» Stored data
==========

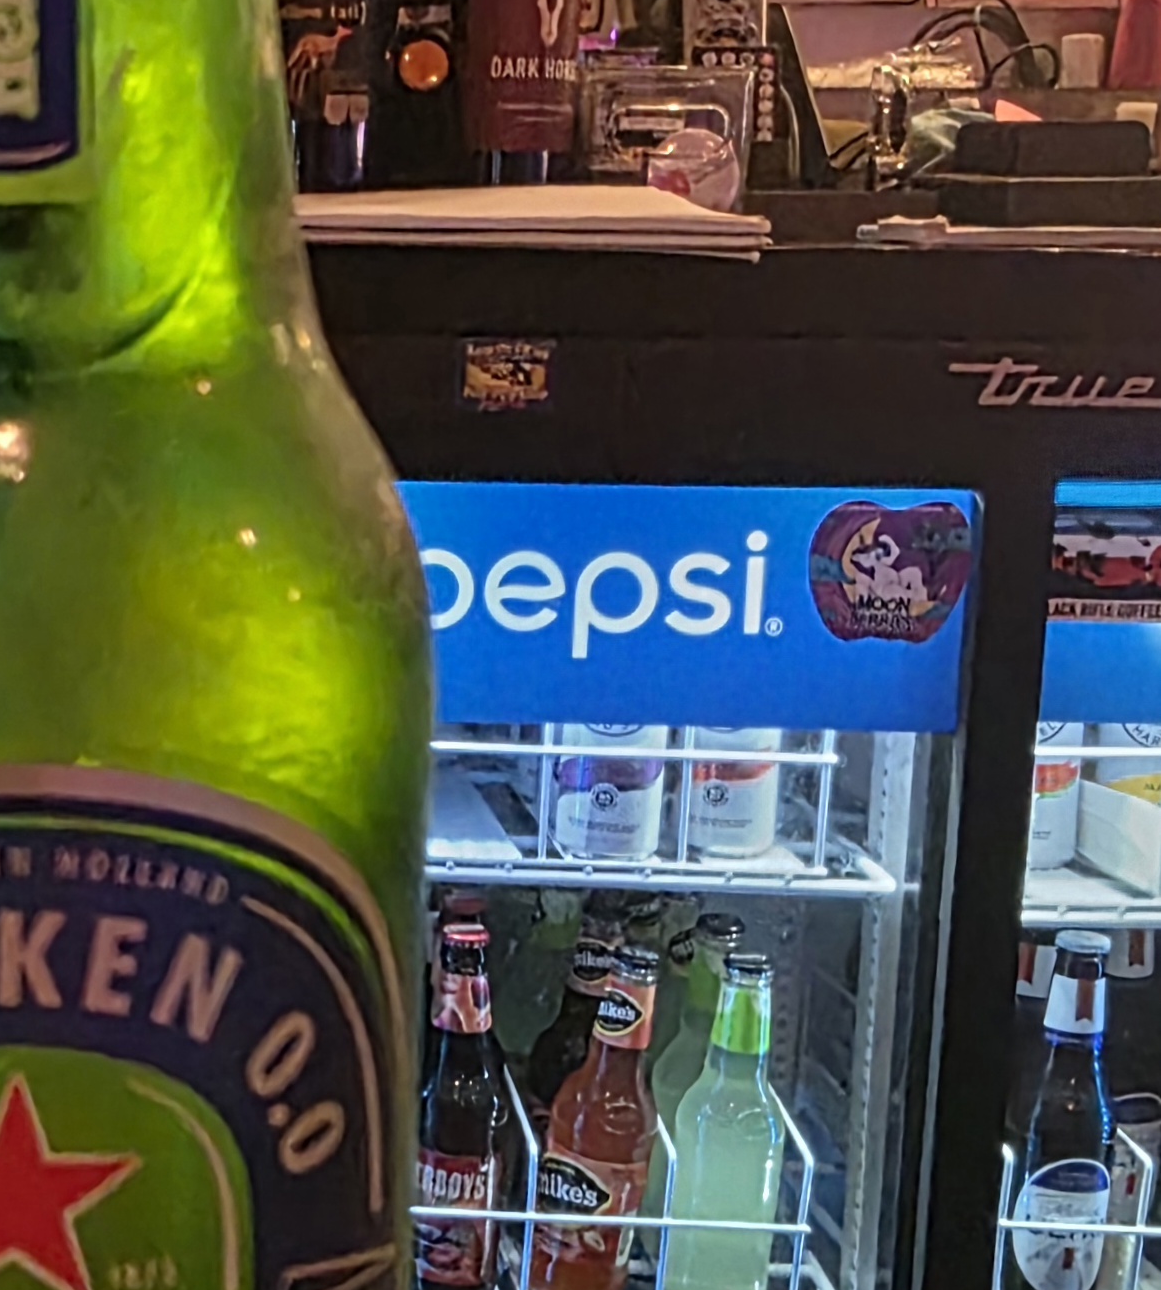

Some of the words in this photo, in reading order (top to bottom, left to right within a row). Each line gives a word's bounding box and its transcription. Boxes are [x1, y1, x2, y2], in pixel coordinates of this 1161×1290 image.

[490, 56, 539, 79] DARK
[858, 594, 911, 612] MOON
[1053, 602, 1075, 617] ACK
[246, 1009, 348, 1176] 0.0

==========

» Work instructions
Everything in the listing except the pictures must be reproduced exactly.

» Answer below
Some of the words in this photo, in reading order (top to bottom, left to right within a row). Each line gives a word's bounding box and its transcription. Boxes are [x1, y1, x2, y2], in pixel coordinates of this 1161×1290 image.

[490, 56, 539, 79] DARK
[858, 594, 911, 612] MOON
[1053, 602, 1075, 617] ACK
[246, 1009, 348, 1176] 0.0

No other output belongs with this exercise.